Lucidno
La parution du premier numéro de la revue historique de la cinéphilie depuis son rachat sur fond de polémique est un nouveau départ qui inspire bien des attentes.
À poil et en plein élan dans les rues de Paris, Mathieu Amalric et Omahyra Mota dans le bien nommé Les Derniers Jours du monde des frères Larrieu font la couverture du numéro 766 des Cahiers du cinéma –un numéro singulier à plus d’un titre de la plus ancienne et de la plus prestigieuse revue dédiée au septième art.
Arborant en une la question «Quand est-ce qu’on sort?», il surgit au croisement de deux séries d’évènements à la fois menaçants et peut-être porteurs d’un avenir prometteur.

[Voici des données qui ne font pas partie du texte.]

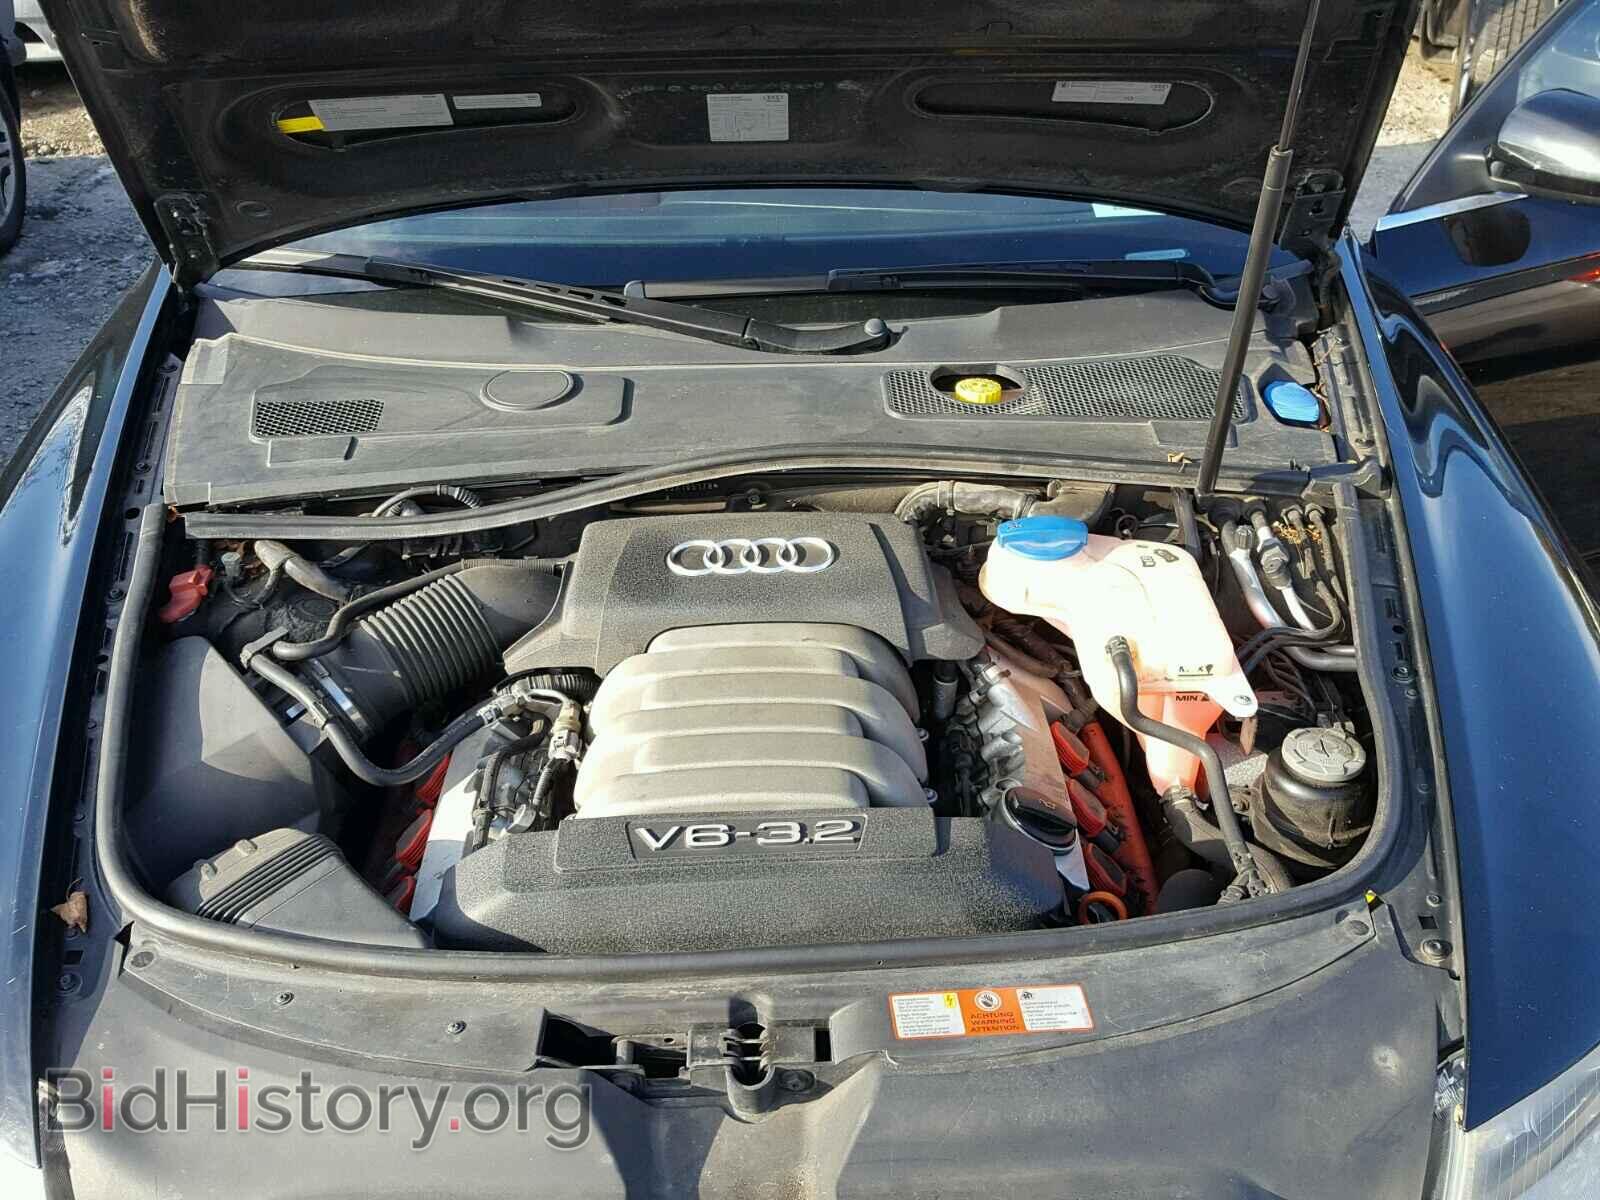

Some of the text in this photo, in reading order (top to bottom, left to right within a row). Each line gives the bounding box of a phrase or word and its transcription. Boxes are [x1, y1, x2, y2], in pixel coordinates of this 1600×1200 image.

[635, 819, 860, 851] V6-3.2
[970, 1011, 1014, 1019] ACHTUNG
[970, 1018, 1016, 1026] WARNING
[970, 1025, 1020, 1033] ATTENTION
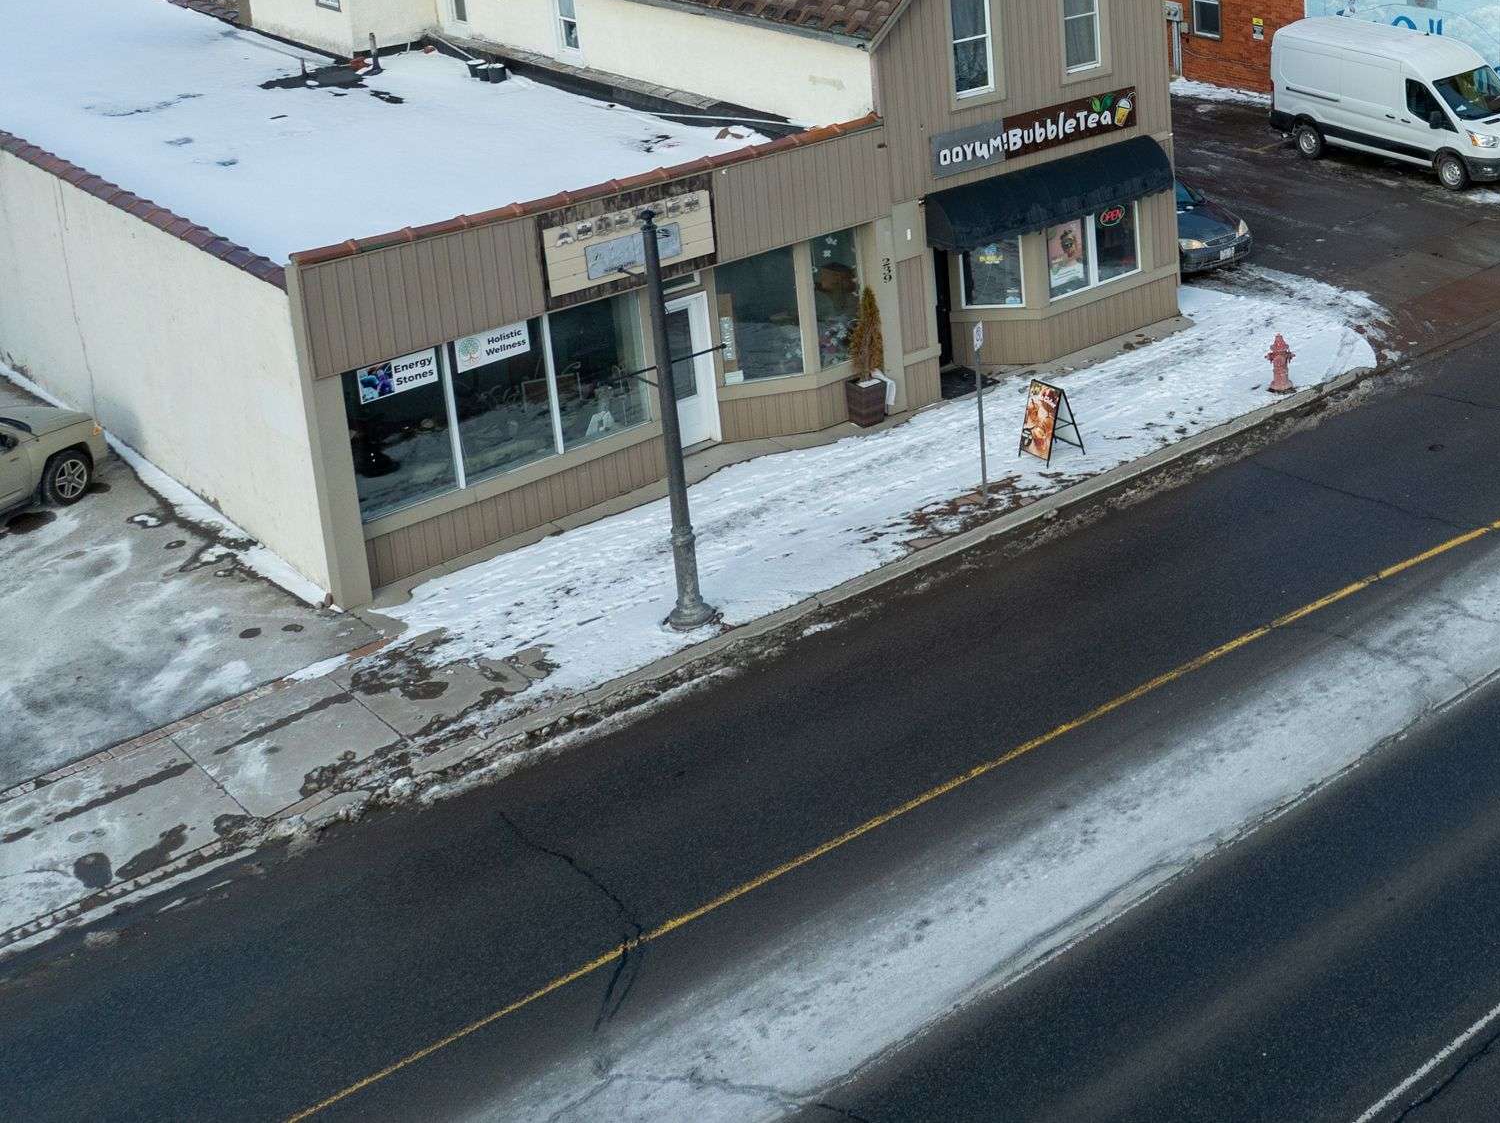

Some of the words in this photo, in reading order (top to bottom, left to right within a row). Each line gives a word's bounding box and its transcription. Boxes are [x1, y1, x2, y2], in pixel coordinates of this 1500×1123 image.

L’une est évidente et générale: elle concerne les effets de la pandémie de Covid-19 et, parmi ceux-ci, la mise à l’arrêt du cinéma comme dynamique (interruption des tournages, fermeture des salles, annulation des festivals), tandis que les films se réfugiaient un temps entièrement sur la toile et à la télé.
Il reste à voir comment le cinéma, c’est-à-dire la manière dont les films sont faits, montrés, vus, et ce qu’à leur tour ils font, existera et sera transformé par cette situation inédite où, pour la première fois depuis le 28 décembre 1895, se profila la possibilité que tous les projecteurs du monde s’éteignent.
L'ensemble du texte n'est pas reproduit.